As mental health facilities close, bill awaiting Quinn's signature to add safeguards to protect patients
On June 30th, the Tinley Park Mental Health Center shut its doors for good. The facility, which provided inpatient care to the mentally ill, closed down as part of a series of state budget cuts that are hitting services for the mentally ill.
What about the users of its services? News reports say they will be sent to other local area facilities, most likely community-care based ones, or private hospitals.
The cuts are just the tip of the iceberg. But a bill passed through the Illinois legislature hopes to set up safeguards for the mentally ill displaced by budget cuts from state-run facilities.
HB 5586 aims to ensure that whenever the state enters into a contract with another facility to provide mental health services, all rights, procedures and requirements under the Mental Health and Developmental Disabilities Code are met.

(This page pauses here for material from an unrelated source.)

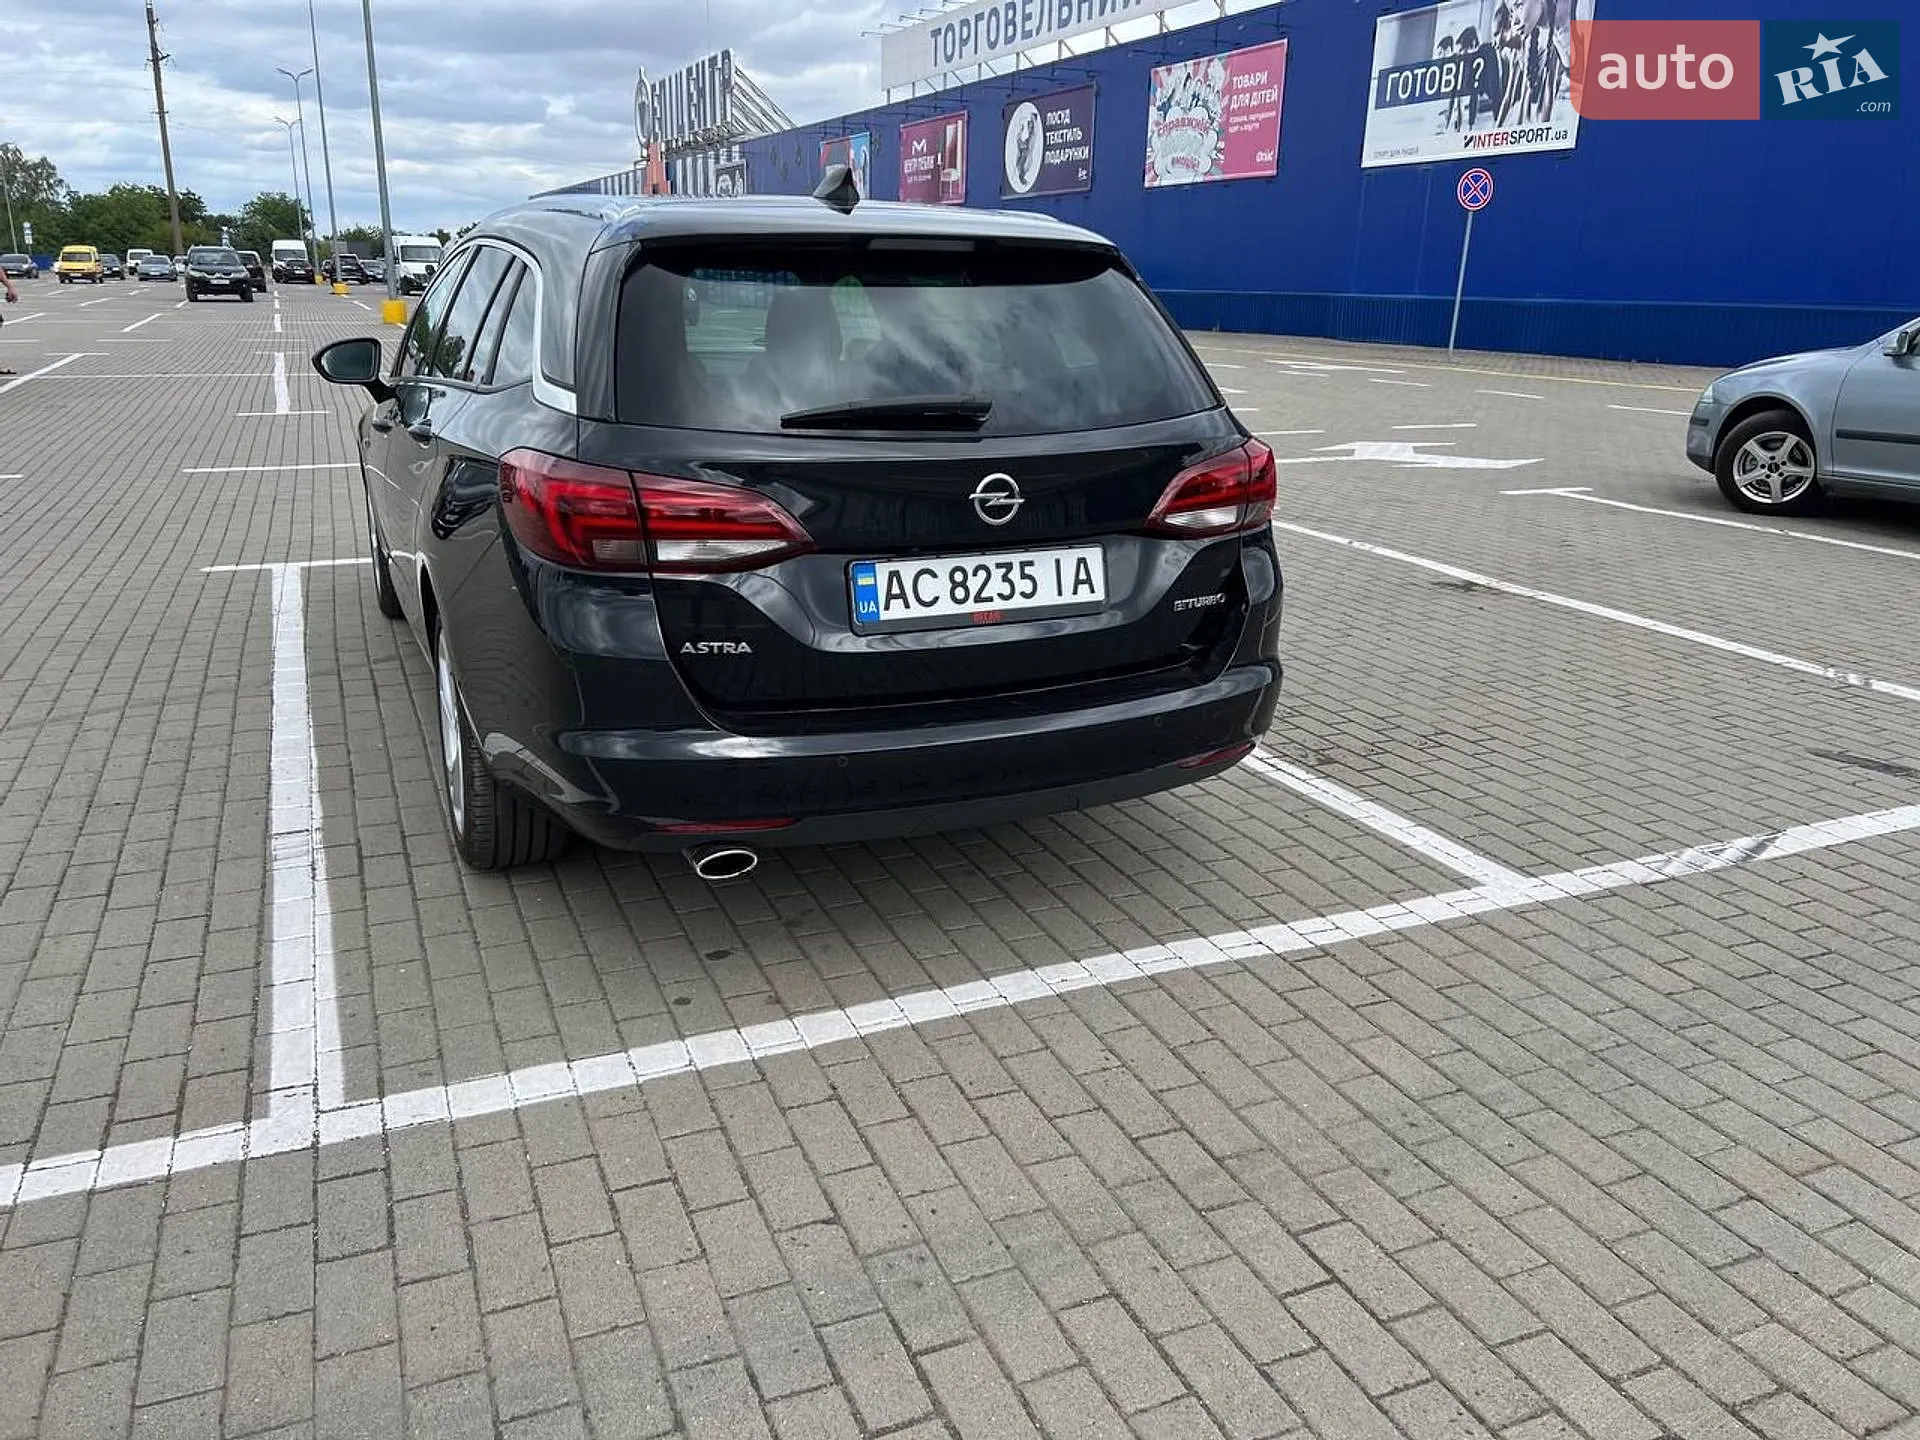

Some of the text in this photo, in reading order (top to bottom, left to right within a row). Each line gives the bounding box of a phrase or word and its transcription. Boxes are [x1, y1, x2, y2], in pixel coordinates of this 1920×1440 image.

This includes the right to challenge denied admission, the right to challenge a discharge and the right to writing materials, among others. The legislation is awaiting a signature from Gov. Quinn.
His office did not respond to requests for comment on the legislation.
Making sure that budget cuts don't keep mentally ill individuals from having adequate care is a "huge concern," said Sen. Kimberly Lightford, a co-sponsor of the bill in the Senate. "I wanted to ensure that individuals who need mental health care have the ability to know they can go to those alternate facilities and still get the proper care."
The Tinley Park closing is just the start of two-and-a-half years of planned cuts that will hit mental health services.
Gov. Quinn's planned move towards community-based care, from institutionalization, is expected to save $19.8 million a year. According to the Chicago Tribune, there could be three more facilities closed, displacing about 600 people.
Illinois' mental health cuts have been the third toughest in the country. Between 2009 and 2011, the state sliced $113.7 million from mental health services for children and adults, according to the National Alliance on Mental Illness (NAMI) 2011 report "State Mental Health Cuts: A National Crisis."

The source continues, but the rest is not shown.